Saturday, May 24, 2008

Streator, Illinois, Honors Tombaugh; More Good News for Pluto

This weekend, Streator, Illinois, birthplace of Clyde Tombaugh, is once again celebrating his life and accomplishments as part of the town's Heritage Days Celebration from May 23-26.

The celebration features a carnival, crafts, food, vendors, and entertainment.

Most significantly, the Streatorland Historical Society will dedicate a mural honoring Clyde Tombaugh tomorrow, Sunday, May 25, at 2:00 pm in the 300 block of East Main Street, downtown Streator.

Local artist John Betken designed the mural as a tribute to Tombaugh’s accomplishments. The mural depicts early astronomers, Tombaugh as a young stargazer on the family farm, his days at the Lowell Observatory where he discovered Pluto, and the New Horizons space mission currently on its voyage toward the planet Pluto.

Guest speakers from New Mexico, Annette Tombaugh-Sitze and Alden Tombaugh, (daughter and son of Clyde Tombaugh) will offer insight into their father’s life and discoveries. The public is encouraged to attend.

While I am unable to make it to this event, I want to thank Streator for honoring Tombaugh and hope to someday meet and speak with his daughter and son personally. Pluto supporters Kevin and Siobhan Elias will attend this event and get the chance to hear firsthand insights into Tombaugh's life and accomplishments, and I look forward to hearing about their experience.

As a followup to my previous message, I'm happy to state that after back and forth emails with astronomer Dr. Ethan Tecumseh Vishniac, it turns out that far from being "flabbergasted," regarding public concern about Pluto, he regards public attention to this issue as "all good." His main focus is having a consistent planet definition rather than outright support for or opposition to the IAU demotion. That means if Pluto is counted as a planet, other KBOs and small objects like Ceres that have achieved hydrostatic equilibrium should be counted as planets too.
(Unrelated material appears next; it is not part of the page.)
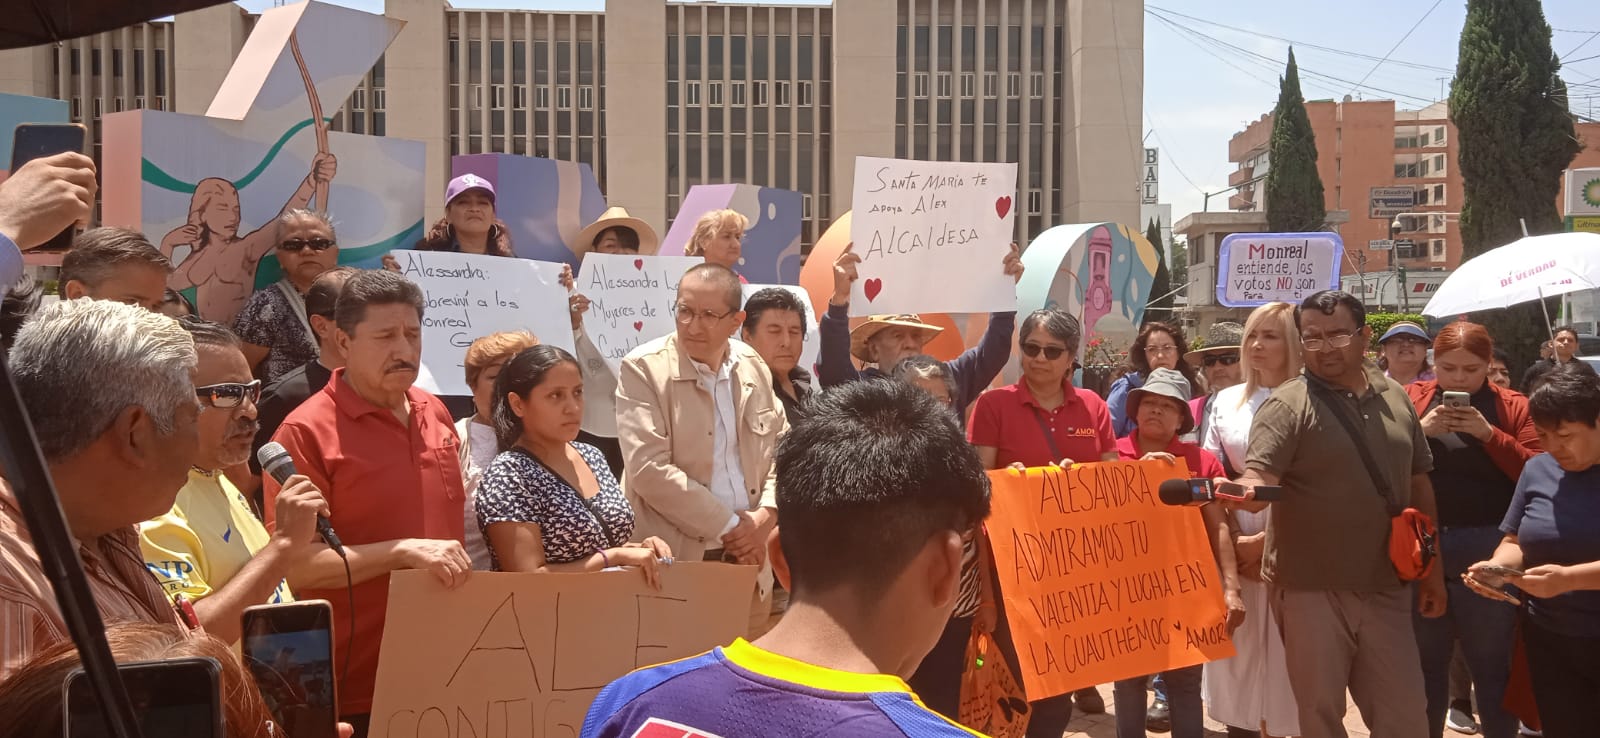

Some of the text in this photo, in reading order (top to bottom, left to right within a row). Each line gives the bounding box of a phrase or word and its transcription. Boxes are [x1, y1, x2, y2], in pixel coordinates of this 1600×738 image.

In his own words, "I do think that if you're going to count Pluto, then you should go ahead and add a bunch of objects of similar or slightly smaller mass.
In the end that would probably up the count by a few dozen. I'm also OK with that. In effect, this would use as a definition the criterion that a planet has to have enough self-gravity to be spherical."

Being the idealist I am, I personally asked him to support and vote for such a proposal at the next IAU General Assembly, which he agreed to consider if can stay long enough for the vote (or if the IAU finally institutes electronic voting).

During the last week, I have also had the honor of speaking with another Pluto supporter, Steve Kates, aka Dr. Sky, an astronomer and astronomy journalist who has done numerous television, radio, and Internet broadcasts on astronomy-related topics. A former resident of New Jersey now living in Arizona, Kates was a student of Tombaugh when he attended New Mexico State University and has very fond memories of him.

Kates, too, is doing public outreach aimed at getting the IAU decision reversed and Pluto officially reinstated as a planet. His web site, http://www.keepplutoalive.com/ , contains interviews he conducted with Tombaugh, with Tombaugh's widow Patsy, and with Dr. Mark Sykes, the planetary astronomer coordinating the Great Planet Debate conference in Laurel, Maryland, later this year.

I personally urge all Pluto supporters to visit this site, listen to the interviews, and find out more about what we can do for Pluto.

Pluto IS a planet, and this debate is definitely NOT over.